If the crowds on the highway on the way home from work are any proof, retailers are fighting for their lives with unbelievable sales. Ever since the U.S. Congress started pressuring China to de-link its currency peg to the US dollar, we predicted that there was tremendous overcapacity in US retail. With everything from homes, cars and electronics piling up in the supply chain and on retailers shelves, only the strong will survive. And the ones that survive will have increased their Return on Invested Capital and the length of time that those returns are to exceed their cost of capitals.
Retailers Now Face A Darwinian Fight For Survival as losses mount.

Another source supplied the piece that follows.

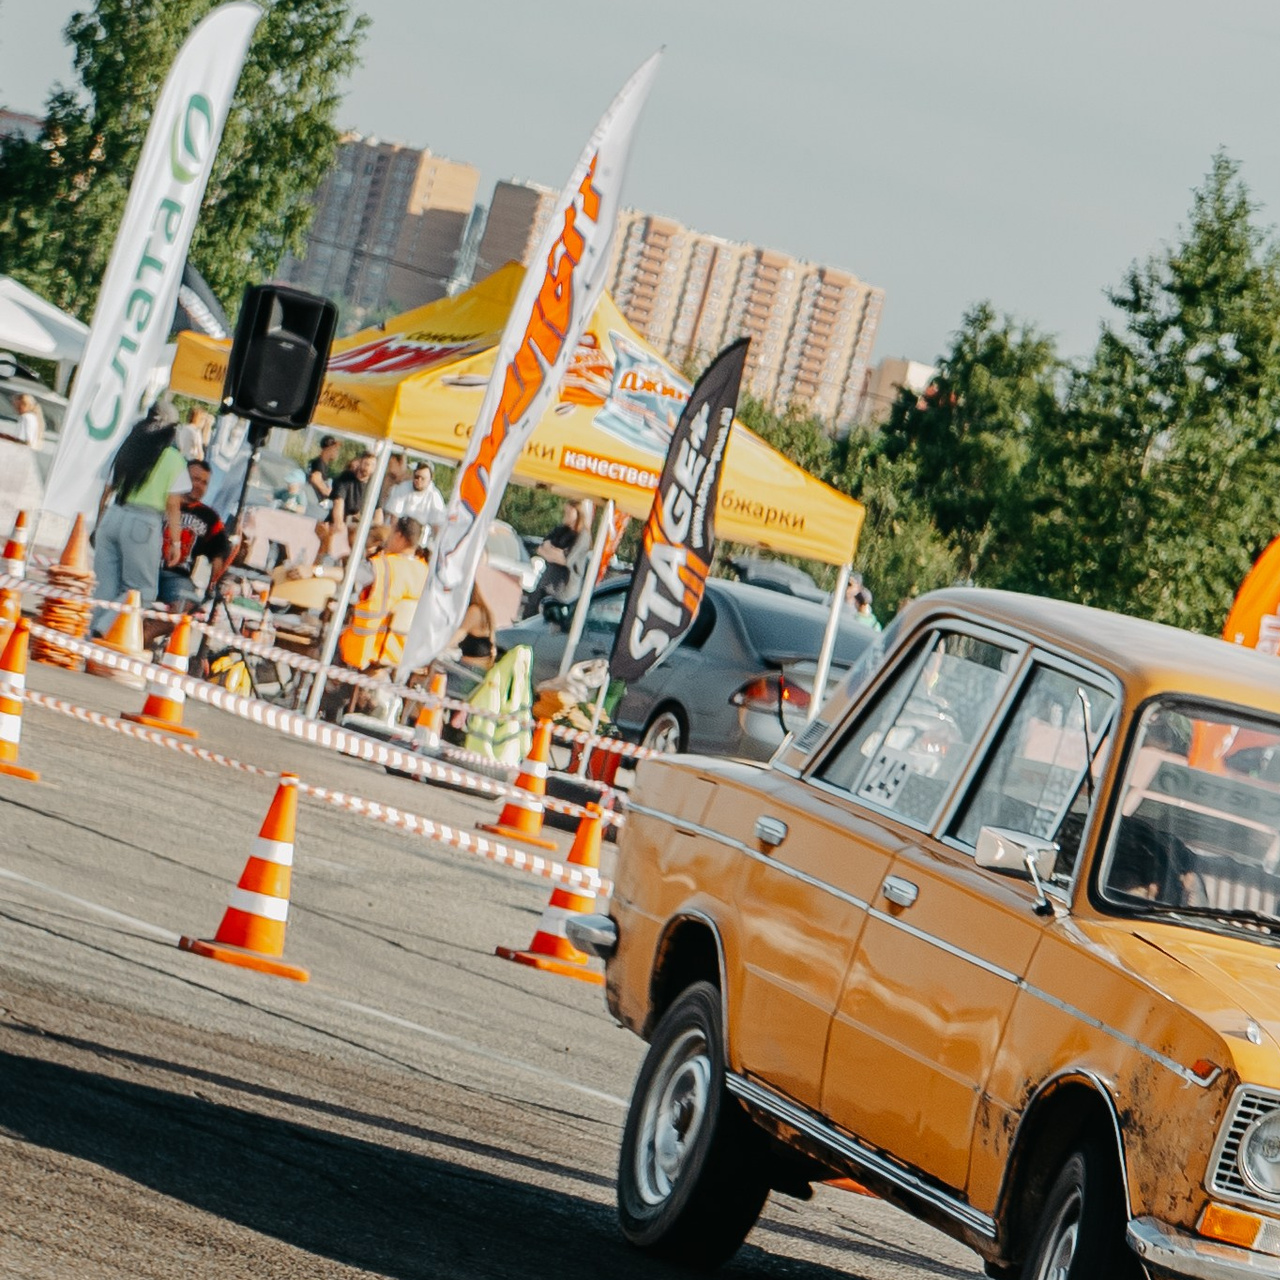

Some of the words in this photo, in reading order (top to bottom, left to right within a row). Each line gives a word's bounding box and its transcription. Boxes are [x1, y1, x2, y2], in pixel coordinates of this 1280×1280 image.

U.S. retailers will face a Darwinian fight for survival next year as they run out of cash as early as January and competition forces thousands of store closings, according to private-equity buyers and restructuring experts.
Probably 50,000 stores could close without any effect on consumer choice, Gregory Segall, a managing partner at buyout firm Versa Capital Management Inc., said yesterday during a panel discussion held at Bloomberg LP’s New York offices.
“The United States is massively over-stored in all categories,” Segall said. He said his firm is in “a wait mode” and he expects banks to squeeze retailers after Jan. 1.
Plunging home prices, rising unemployment and tightening credit have led consumers to rein in spending, resulting in what may be the worst holiday season in at least four decades. Macy’s Inc., Kohl’s Corp. and other retailers have marked down items 50 percent to lure customers, eroding margins at a time when store owners hope to make a third or more of their annual profit.
Only retailers with healthy balance sheets will survive the recession, said Matthew Katz, a managing director at consulting firm AlixPartners LLP.
“This is a very Darwinian time,” Katz said.